## WHAT IS EXPECTED
Only the lines from the one with "this 1846×1846 image." through the end of the material, both ends included, should be retyped exactly.

╭──

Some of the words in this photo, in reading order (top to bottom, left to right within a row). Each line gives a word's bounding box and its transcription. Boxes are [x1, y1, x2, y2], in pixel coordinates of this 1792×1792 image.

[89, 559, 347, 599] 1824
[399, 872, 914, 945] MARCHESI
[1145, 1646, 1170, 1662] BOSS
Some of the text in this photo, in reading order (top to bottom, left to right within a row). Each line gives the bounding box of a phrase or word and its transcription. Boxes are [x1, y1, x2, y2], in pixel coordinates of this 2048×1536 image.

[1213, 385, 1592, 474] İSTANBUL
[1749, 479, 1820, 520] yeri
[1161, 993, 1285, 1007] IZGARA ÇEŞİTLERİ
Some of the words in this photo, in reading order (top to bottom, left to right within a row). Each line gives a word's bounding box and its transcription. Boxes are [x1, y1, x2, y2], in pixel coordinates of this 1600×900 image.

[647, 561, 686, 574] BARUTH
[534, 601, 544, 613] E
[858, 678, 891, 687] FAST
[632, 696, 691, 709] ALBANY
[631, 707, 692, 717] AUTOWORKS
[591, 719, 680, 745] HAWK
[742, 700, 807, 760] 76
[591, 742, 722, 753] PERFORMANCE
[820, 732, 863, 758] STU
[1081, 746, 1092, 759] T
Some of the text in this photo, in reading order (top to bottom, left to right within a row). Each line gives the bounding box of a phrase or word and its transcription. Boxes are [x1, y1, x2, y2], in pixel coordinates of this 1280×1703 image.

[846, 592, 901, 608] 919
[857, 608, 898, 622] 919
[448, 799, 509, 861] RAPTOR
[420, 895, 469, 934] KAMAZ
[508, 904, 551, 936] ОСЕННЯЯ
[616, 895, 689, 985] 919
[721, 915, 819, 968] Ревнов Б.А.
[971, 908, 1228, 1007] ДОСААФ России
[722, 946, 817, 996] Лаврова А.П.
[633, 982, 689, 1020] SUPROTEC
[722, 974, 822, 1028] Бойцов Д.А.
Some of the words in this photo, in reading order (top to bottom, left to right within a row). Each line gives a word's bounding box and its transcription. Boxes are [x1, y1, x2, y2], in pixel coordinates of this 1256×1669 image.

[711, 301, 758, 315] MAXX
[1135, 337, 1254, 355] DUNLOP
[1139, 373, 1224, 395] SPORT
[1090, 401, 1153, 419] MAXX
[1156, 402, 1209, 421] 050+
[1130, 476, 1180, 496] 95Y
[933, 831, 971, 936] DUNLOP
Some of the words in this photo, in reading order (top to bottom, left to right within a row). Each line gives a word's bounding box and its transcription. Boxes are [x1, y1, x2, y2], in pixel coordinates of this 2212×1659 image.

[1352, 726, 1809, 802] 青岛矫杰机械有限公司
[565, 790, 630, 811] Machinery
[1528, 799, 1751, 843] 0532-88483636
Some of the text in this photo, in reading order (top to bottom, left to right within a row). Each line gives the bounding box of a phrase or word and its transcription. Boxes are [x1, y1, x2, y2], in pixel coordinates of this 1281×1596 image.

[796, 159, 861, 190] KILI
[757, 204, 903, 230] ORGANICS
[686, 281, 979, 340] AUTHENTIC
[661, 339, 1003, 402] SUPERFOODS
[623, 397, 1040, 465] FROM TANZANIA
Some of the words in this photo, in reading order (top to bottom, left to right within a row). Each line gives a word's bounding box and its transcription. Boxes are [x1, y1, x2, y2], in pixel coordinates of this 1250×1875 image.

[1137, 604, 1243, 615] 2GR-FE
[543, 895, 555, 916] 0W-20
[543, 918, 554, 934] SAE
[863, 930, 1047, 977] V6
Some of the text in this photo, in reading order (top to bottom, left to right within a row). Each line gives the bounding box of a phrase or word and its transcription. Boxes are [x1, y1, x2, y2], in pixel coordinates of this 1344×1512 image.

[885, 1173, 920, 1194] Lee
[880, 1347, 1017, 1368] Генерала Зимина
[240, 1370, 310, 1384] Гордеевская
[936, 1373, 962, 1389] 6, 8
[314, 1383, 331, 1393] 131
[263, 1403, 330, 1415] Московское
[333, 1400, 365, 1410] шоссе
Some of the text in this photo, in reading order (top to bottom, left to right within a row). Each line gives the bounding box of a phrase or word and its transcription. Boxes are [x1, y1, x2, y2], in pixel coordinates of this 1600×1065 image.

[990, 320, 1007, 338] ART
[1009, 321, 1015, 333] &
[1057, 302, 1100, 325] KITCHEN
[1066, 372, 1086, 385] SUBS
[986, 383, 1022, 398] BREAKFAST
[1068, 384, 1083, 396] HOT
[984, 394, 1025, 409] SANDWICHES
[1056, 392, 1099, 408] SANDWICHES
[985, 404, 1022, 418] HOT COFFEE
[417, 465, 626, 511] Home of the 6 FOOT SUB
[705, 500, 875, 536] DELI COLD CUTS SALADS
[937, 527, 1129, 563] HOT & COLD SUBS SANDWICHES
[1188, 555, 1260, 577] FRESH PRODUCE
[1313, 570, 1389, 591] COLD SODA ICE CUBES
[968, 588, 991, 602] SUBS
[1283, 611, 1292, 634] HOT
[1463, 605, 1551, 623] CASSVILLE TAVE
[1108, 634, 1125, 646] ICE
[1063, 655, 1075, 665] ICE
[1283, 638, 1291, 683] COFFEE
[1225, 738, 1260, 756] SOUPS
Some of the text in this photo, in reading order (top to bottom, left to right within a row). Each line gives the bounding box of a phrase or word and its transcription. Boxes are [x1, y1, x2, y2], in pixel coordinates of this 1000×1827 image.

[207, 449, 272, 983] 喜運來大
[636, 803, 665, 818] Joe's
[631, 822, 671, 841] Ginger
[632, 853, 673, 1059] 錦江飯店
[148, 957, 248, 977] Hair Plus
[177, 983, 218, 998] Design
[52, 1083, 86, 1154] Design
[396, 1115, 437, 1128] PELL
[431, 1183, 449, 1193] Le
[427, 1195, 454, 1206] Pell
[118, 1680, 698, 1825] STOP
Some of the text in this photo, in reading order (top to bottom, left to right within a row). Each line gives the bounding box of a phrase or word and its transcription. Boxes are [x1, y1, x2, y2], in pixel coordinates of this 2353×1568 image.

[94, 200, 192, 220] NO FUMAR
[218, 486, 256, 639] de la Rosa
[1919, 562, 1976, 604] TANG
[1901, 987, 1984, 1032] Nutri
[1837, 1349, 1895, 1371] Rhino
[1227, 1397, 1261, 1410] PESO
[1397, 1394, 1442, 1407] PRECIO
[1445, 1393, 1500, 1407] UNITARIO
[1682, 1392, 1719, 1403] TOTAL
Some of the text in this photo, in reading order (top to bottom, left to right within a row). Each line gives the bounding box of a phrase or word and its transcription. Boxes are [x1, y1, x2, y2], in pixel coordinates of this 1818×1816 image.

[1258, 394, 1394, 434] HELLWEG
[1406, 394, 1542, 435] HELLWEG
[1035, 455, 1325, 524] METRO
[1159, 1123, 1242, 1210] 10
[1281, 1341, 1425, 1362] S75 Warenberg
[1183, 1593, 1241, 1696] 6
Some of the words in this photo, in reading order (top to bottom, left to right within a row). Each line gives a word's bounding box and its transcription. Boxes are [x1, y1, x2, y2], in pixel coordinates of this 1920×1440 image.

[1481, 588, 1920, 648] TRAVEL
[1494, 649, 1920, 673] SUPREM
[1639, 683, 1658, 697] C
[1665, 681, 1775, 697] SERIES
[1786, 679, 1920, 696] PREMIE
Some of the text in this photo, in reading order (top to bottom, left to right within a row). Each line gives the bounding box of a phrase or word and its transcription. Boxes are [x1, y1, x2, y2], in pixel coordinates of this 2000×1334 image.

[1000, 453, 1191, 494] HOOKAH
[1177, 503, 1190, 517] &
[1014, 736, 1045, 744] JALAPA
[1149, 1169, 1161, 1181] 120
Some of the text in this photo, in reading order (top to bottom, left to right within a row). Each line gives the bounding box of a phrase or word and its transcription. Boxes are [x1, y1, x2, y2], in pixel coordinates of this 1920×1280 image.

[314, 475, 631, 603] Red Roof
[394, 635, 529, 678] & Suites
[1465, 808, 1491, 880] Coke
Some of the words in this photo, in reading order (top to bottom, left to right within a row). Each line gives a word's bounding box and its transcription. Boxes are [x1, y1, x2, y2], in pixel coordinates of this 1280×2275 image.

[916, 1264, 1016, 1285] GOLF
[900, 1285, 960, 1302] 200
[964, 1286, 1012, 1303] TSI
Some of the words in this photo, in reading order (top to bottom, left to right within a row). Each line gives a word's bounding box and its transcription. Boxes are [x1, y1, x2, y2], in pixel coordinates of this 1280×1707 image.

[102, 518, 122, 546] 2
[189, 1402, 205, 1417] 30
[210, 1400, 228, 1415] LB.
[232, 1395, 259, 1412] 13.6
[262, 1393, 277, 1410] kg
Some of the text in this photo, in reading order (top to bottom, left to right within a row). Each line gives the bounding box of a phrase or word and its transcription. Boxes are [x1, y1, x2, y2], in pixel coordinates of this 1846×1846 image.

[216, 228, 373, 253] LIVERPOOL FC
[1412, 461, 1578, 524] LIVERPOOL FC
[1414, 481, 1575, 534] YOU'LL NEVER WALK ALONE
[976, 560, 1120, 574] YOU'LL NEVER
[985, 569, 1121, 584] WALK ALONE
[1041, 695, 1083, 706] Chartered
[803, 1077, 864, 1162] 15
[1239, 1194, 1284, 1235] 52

╰──

## EXERCISE ANSWER
Some of the text in this photo, in reading order (top to bottom, left to right within a row). Each line gives the bounding box of a phrase or word and its transcription. Boxes are [x1, y1, x2, y2], in pixel coordinates of this 1846×1846 image.

[216, 228, 373, 253] LIVERPOOL FC
[1412, 461, 1578, 524] LIVERPOOL FC
[1414, 481, 1575, 534] YOU'LL NEVER WALK ALONE
[976, 560, 1120, 574] YOU'LL NEVER
[985, 569, 1121, 584] WALK ALONE
[1041, 695, 1083, 706] Chartered
[803, 1077, 864, 1162] 15
[1239, 1194, 1284, 1235] 52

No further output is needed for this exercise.